'A Woman in Berlin' by Anonymous

'A Woman in Berlin' by Anonymous, published by Virago. First published 1954. 

"In the early hours of 16 April 1945, civilians in the eastern quarters of Berlin were awoken by a distant rolling thunder. The vibrations were so strong that telephones began to ring on their own and pictures fell from their hooks. Women emerged slowly from their apartments and exchanged meaningful looks with neighbours. They hardly needed to speak. The long-awaited Soviet offensive had at last begun sixty miles to their east." 

'A Woman in Berlin', was a diary written by an anonymous German woman during the period between April and June in the year 1945. She began writing on 20 April 1945, the day Berlin started to fall under the Russian army.

This is a diary written by a journalist, a well-educated woman. You can clearly see that in how she writes about the horrifying circumstances she and the other women were in. She keeps her emotions at bay and tries to stay to some extent quite neutral. Writing this diary is for her the only way to cope with what is happening.

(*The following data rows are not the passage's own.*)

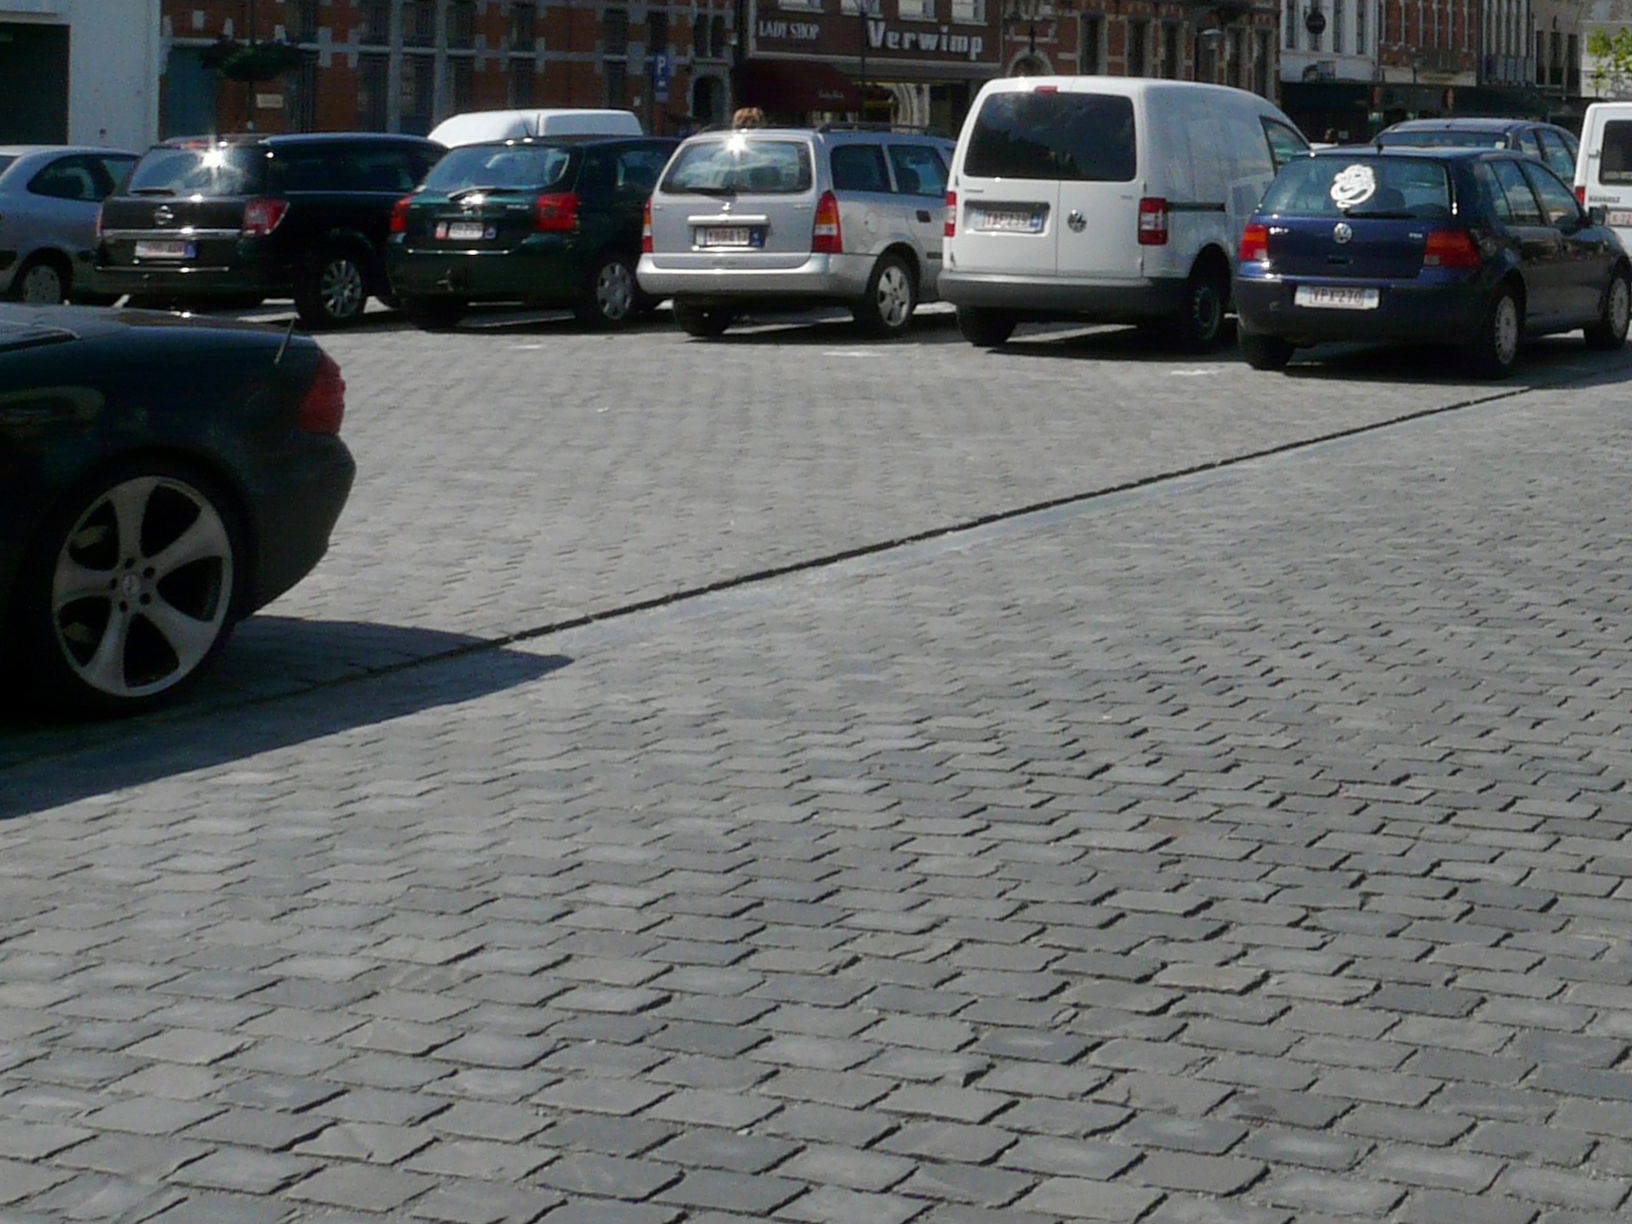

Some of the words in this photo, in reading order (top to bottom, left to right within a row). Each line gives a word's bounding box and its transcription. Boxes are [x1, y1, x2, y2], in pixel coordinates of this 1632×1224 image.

[759, 20, 788, 38] LADY
[790, 22, 820, 40] SHOP
[866, 20, 983, 60] Verwimp
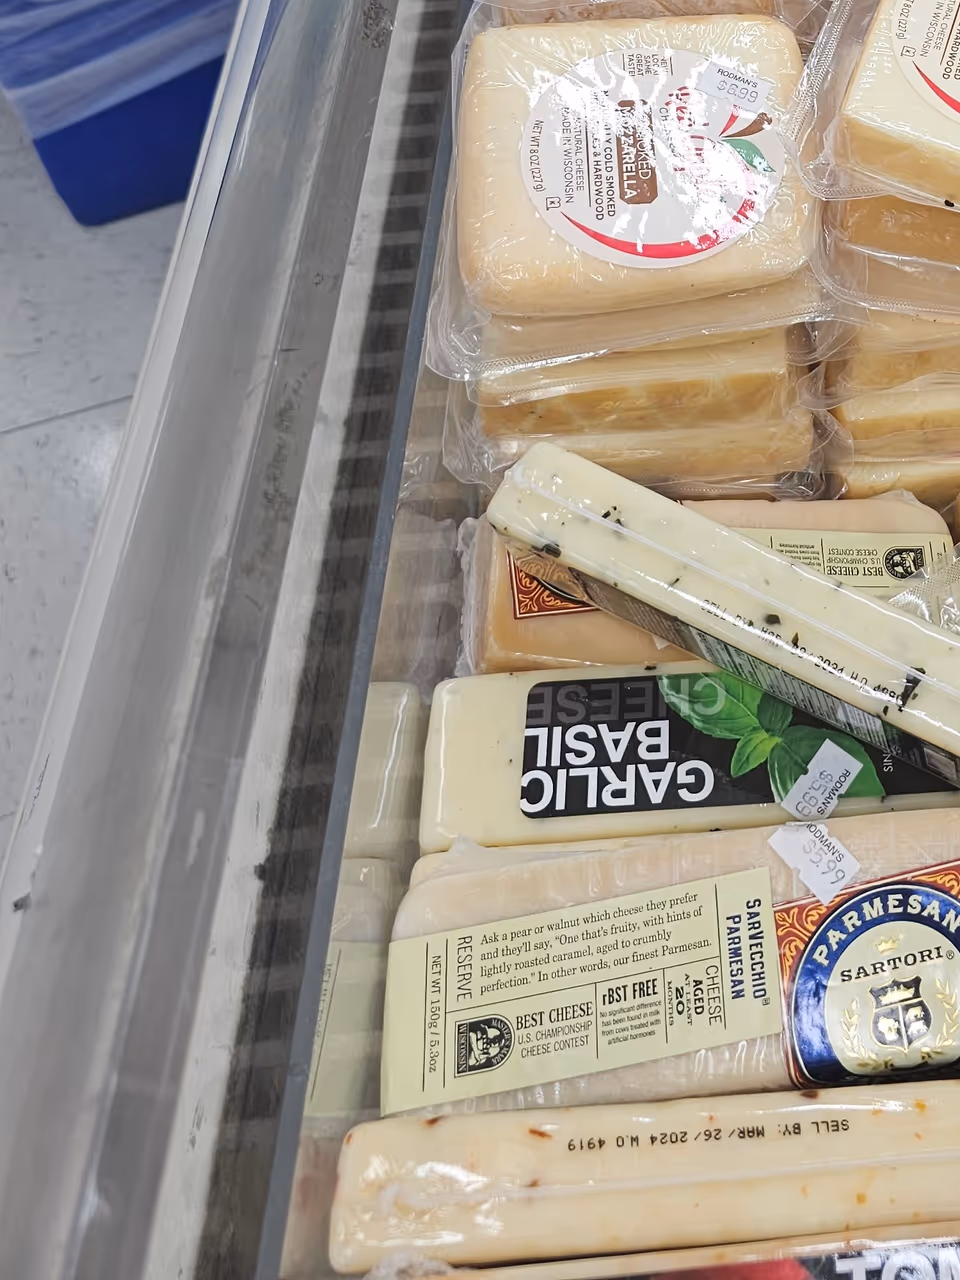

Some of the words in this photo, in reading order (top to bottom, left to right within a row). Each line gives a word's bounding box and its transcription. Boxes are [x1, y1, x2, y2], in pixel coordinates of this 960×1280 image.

[920, 12, 940, 57] WISCONSIN
[934, 22, 948, 50] CHEESE
[716, 68, 758, 89] RODMAN'S
[716, 80, 759, 103] $6.99
[563, 149, 575, 203] WISCONSIN
[593, 161, 605, 220] HARDWOOD
[605, 174, 616, 217] SMOKED
[826, 565, 858, 576] CHEESE
[862, 566, 884, 576] BEST
[526, 678, 723, 725] CHEESE
[524, 719, 670, 767] BASIL
[520, 759, 715, 814] GARLIC
[816, 768, 851, 816] RODMAN'S
[802, 838, 846, 884] $5.99
[480, 933, 500, 946] Ask
[510, 927, 533, 944] pear
[546, 918, 581, 933] walnut
[582, 909, 611, 925] which
[613, 902, 644, 919] cheese
[646, 898, 672, 916] they
[669, 893, 698, 909] prefer
[480, 950, 500, 961] and
[642, 915, 665, 928] with
[666, 911, 691, 923] hints
[431, 955, 441, 976] NET
[480, 962, 513, 979] lightly
[514, 954, 550, 969] roasted
[552, 945, 594, 963] caramel,
[596, 941, 619, 955] aged
[632, 929, 672, 947] crumbly
[551, 967, 577, 981] other
[613, 956, 631, 967] our
[632, 947, 658, 963] finest
[661, 938, 713, 957] Parmesan.
[726, 914, 745, 1000] PARMESAN
[746, 898, 767, 1000] SARVECCHIO
[840, 945, 944, 983] SARTORI
[431, 978, 441, 994] WT
[456, 935, 473, 1003] RESERVE
[602, 984, 629, 1006] rBST
[633, 978, 658, 1000] FREE
[675, 986, 685, 1015] 20
[693, 979, 705, 1015] AGED
[705, 965, 722, 1026] CHEESE
[428, 1000, 440, 1029] 150g
[515, 1015, 546, 1031] BEST
[549, 1001, 594, 1023] CHEESE
[535, 1021, 594, 1042] CHAMPIONSHIP
[428, 1040, 439, 1073] 5.3oz
[521, 1044, 553, 1059] CHEESE
[553, 1035, 590, 1052] CONTEST
[649, 1130, 689, 1146] 2024
[810, 1118, 850, 1134] SELL

Because what is happening is what happens to so many women in so many wars. They fall victim to whoever is the opposite force. They are the 'well-deserved' prize for the men of the winning side.
At least 100,000 women and girls in Berlin were raped during this period. And not just raped once, they were raped repeatedly by different soldiers, sometimes 20 times in a row.

The writer describes everything that happens to her and her experience, such as being gang-raped by Russian soldiers. To protect herself from having this happening again, she strikes up relationships with Russian generals. Young girls are hidden away in claustrophobic shelters, not seeing daylight for weeks. The women are starved, they can do nothing to protect themselves from what is happening to them. Still, they find ways to survive.

Cleverly written and very readable, I couldn't put this book down. It was one of the most horrifying things I have probably ever read. It is a horrific piece of history. Nevertheless it is an incredibly important record of what war is. If you want to understand war, any war, then you must read this book.

It did made me realise how little we hear from the stories of women falling victims during a war. We always remember the war heroes, especially when you look at films (Dunkirk recently, for example) and the media. Who do we think about and remember when we talk about wars? Do we think about the fallen soldiers, do we think about the massacres, or do we also recognise the pattern of women falling victim no matter what side they were on?

Do not only read this because it is a very important record in history. Read this also because the things happening during that time, are still happening today.